A/B testing, also known as split testing, is a marketing technique that involves comparing two versions of the same web page or application to measure the performance of each version and see which performs better. A portion of the website visitors will be directed to the first version, and the rest to the second. A statistical analysis of the results then determines which version, A or B, performed better, according to certain predefined indicators such as conversion rate.
How is A/B testing performed on mobile apps?
A/B testing tends to be a little more complex with mobile applications. Since it is not possible to present two different versions of the application once it has been downloaded and deployed on a smartphone, the onus falls on you to come up with a workaround that allows you to modify your design, instantly update your application after the modification and then, analyze the impact of this change.
##How to create a successful A/B testing strategy?
Creating a strong A/B testing hypothesis is the first step towards a successful A/B testing program and must respect the following rules:
- be linked to a clearly discerned problem that has identifiable causes
- mention a possible solution to the problem
- indicate the expected result, which is directly related to the KPI to be evaluated
A/B test analysis
Two things should be taken care of before you analyze the test results.
Sample size/Site Traffic
The statistical tests that are used to calculate the confidence level (such as the chi-square test) take into account a sample size that is close to infinity. If the sample size is low, exercise caution when analyzing the results, even if the test indicates a reliability of more than 95%. This is due to the fact that if a test with a low sample size is left active for a few more days, it will greatly modify the results. This is why it is advisable to have an optimum sample size. And even if the site traffic makes it possible to quickly obtain a sufficiently sized sample, it is recommended that you leave the test active for several days (one or two weeks) to take into account differences in behavior observed by weekday, or even by time of day.
An A/B testing solution lets you statistically validate most hypotheses, but alone, it cannot give you a complete understanding of user behavior.
It's important to supplement A/B testing with information gathered from other means like session recordings, heatmaps, and feedback from users.
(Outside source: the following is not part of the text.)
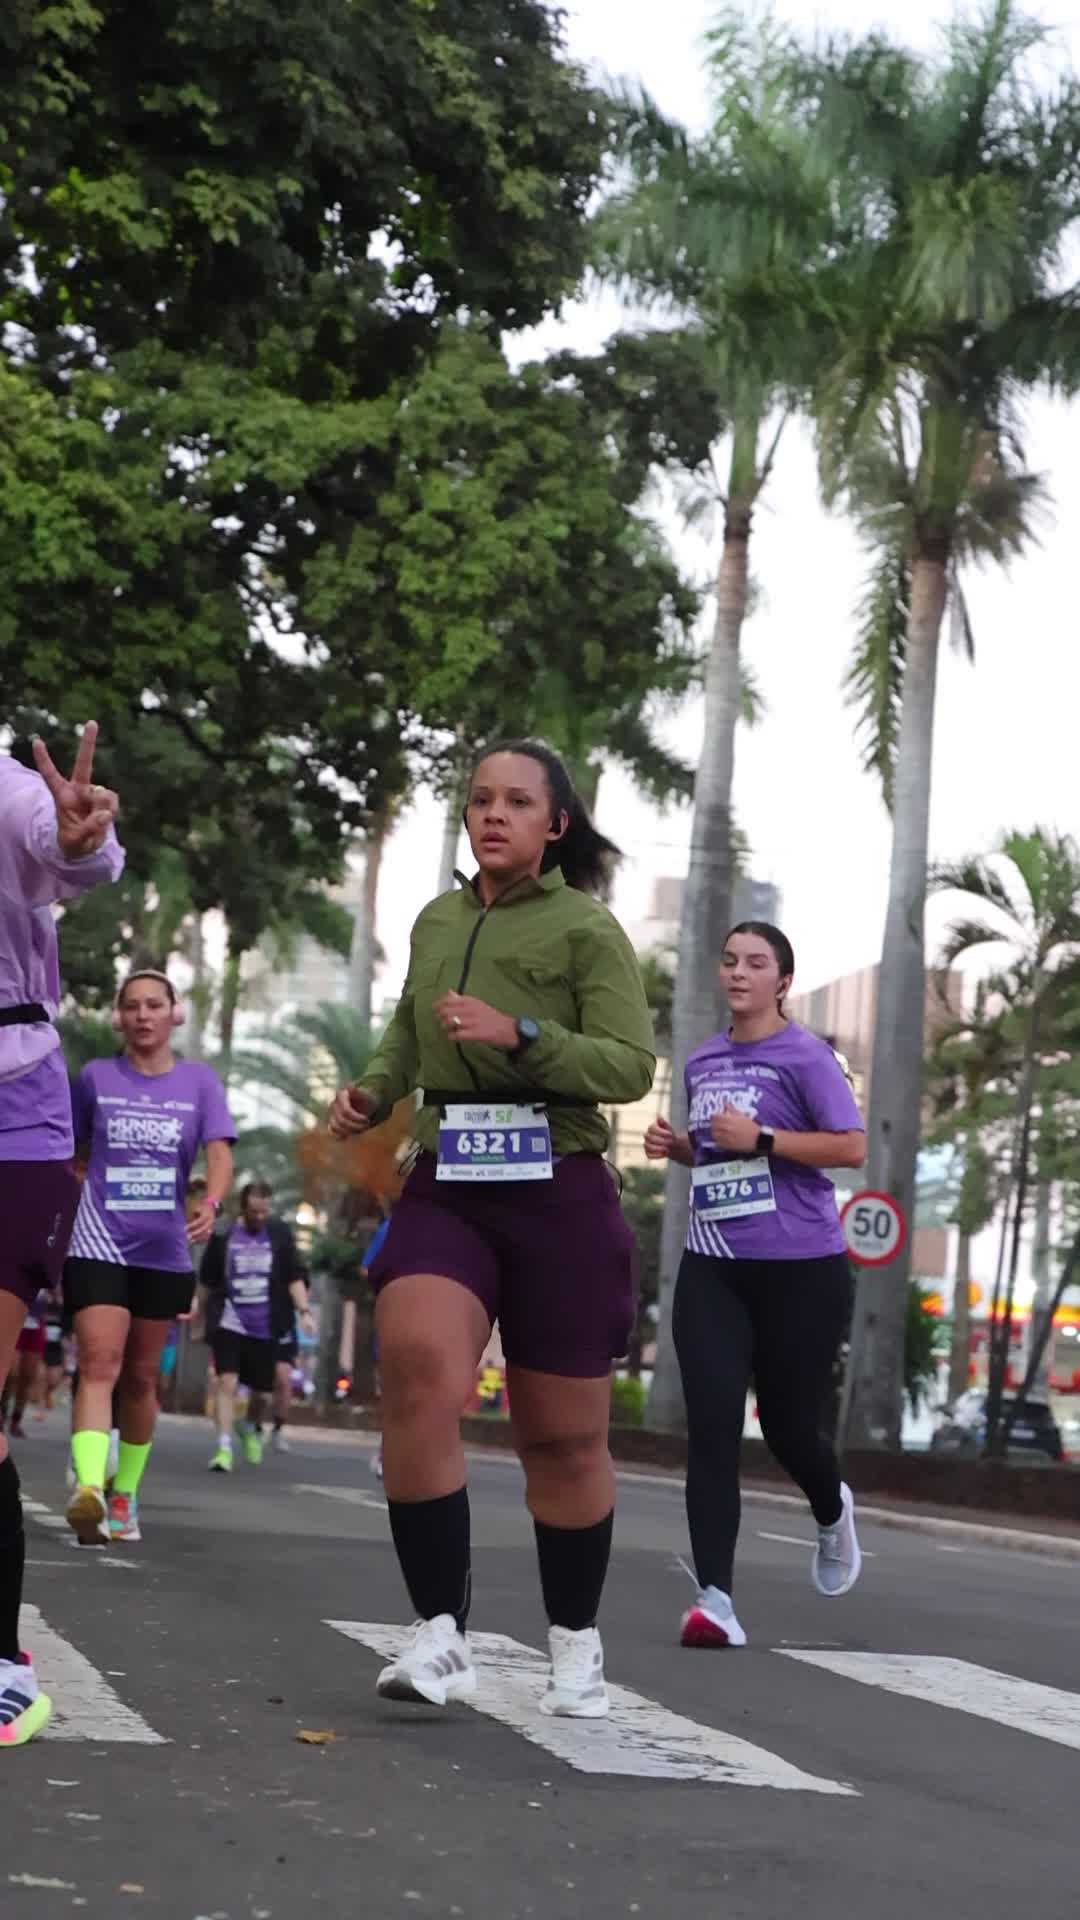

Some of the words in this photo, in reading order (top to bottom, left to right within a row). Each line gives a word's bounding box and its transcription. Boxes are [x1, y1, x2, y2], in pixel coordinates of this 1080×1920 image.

[457, 1132, 520, 1154] 6321
[120, 1183, 160, 1196] 5002
[706, 1179, 752, 1201] 5276
[853, 1207, 891, 1239] 50
This will allow you to gain a fuller understanding of your users, and crucially, help you come up with better hypotheses to test.
Heatmap and session recordings
Both of these methods provide more visibility into how various users interact with elements on a page or between pages within an application.
Conduct surveys to gather user-related information on their opinions, ratings and reviews, which would provide greater insight into the behaviour of different users.